Four candidates are contending for Mexico's Presidency either representing a party or a coalition. Josefina Vázquez Mota is the candidate presented by the National Action Party (PAN) while Gabriel Quadri is the representative of the New Alliance Party (PANAL).
By coalition are competing Enrique Peña Nieto for Commitment For Mexico formed by the Institutional Revolution Party (PRI) plus the Green Party (PVEM); the other coalition contender is Andrés Manuel López Obrador for the Progressive Movement formed by the Democratic Revolutionary Party (PRD), the Working Party (PT) and the Citizen Movement (MC).
In those 2,217 positions elected by popular vote are not only the president but 128 senators and 500 federal representatives; the grand total of the Parliament's seats.
Six states will be choosing their governor as well (Chiapas, Guanajuato, Jalisco, Morelos, Tabasco and Yucatán); the Federal District will select their Chief of Government (Mayor).
There have been 29 candidates proposed to contend for the position of governor or mayor of these seven places each one of them representing the same parties as the presidential candidates except clustered in different coalitions as well as representing local parties.
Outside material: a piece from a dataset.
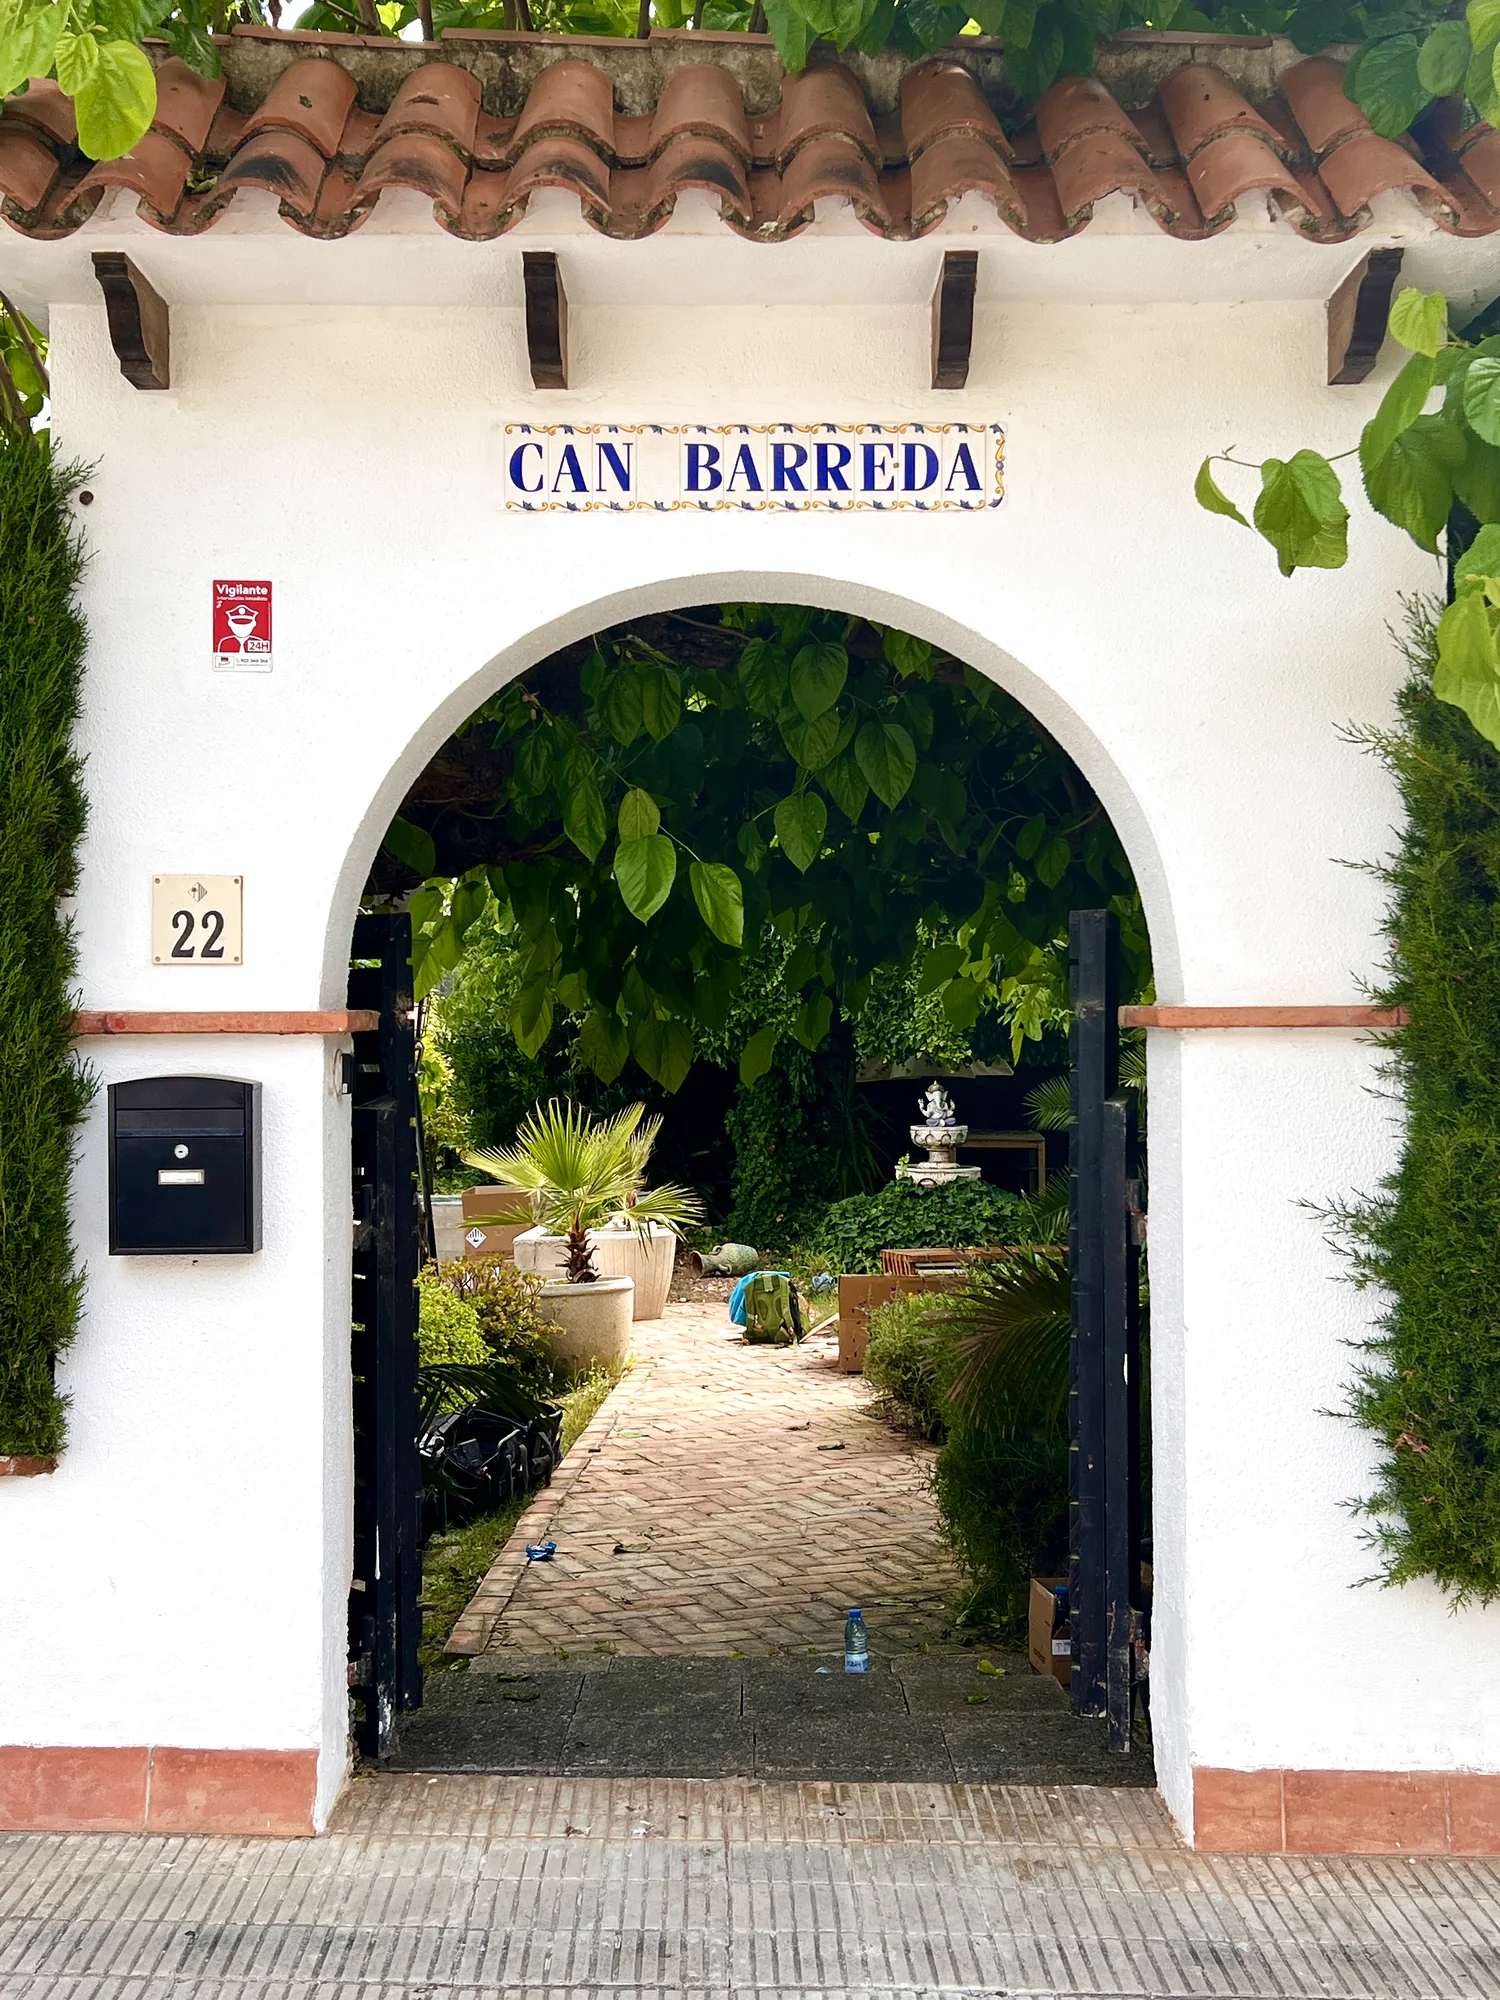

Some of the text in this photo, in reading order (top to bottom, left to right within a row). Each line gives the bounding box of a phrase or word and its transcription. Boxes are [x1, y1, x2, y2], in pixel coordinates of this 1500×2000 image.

[509, 442, 984, 493] CAN BARREDA
[216, 584, 268, 597] Vigilante
[249, 641, 269, 651] 24H
[171, 910, 225, 958] 22
In these states and 9 more (Campeche, Colima, State of Mexico, Guerrero, Michoacán, Nuevo León, Querétaro, San Luis Potosí and Sonora) there will be local elections to choose 579 local representatives, 876 city councils, 16 chiefs of district and 20 city boards.
The first round of preliminary results will be made public at 11:45 pm local time (04.45 GTM) thanks to "Speed Counting" a statistical system the IFE uses to predict tendencies in the final outcome by selecting a sample depicting the totality of ballot boxes used on the day of the elections.
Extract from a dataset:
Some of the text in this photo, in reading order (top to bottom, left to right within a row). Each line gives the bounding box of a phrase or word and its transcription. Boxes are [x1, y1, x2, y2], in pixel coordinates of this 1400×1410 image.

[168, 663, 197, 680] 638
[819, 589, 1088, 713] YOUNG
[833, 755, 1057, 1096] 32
At the same time, the Program of Electoral Preliminary Results' (PREP by its initials in Spanish) will launch the minute the voting ends. The PREP is an electronic mechanism that analyzes and immediately discloses the preliminary outcome of the senators', representatives' and president elections. These are not definitive.
The IFE will begin broadcasting these same first round results since the closing of the voting units and throughout the next 24 hours.
It will be until July 4 when the definitive ballot counting of the 300 Mexican electoral districts will begin. Only if there is a specific petition will the votes be counted again one by one and only if the request is justified by law.
To protect the citizens' rights, the Attorney's Office Specialized in Dealing with Electoral Offenses (FEPADE in Spanish) has qualified nearly 220,000 people in matters of electoral protection and electoral offenses prevention; there will be 116 itinerant cells of personalized attention to report potential frauds.
But the political parties have designated their own electoral agents that will be present in almost all of the booths. Only in one of the voting booths there will be a single party representative, in 46 of them there will be 2 agents and the remaining 143,004 booths will have at least 3 representatives of each party.
The IFE has prepared all of its facilities throughout the country as recipients of electoral offenses reports.
There will also be 31,401 Mexican electoral observers approved by the IFE as well as 696 foreign observers.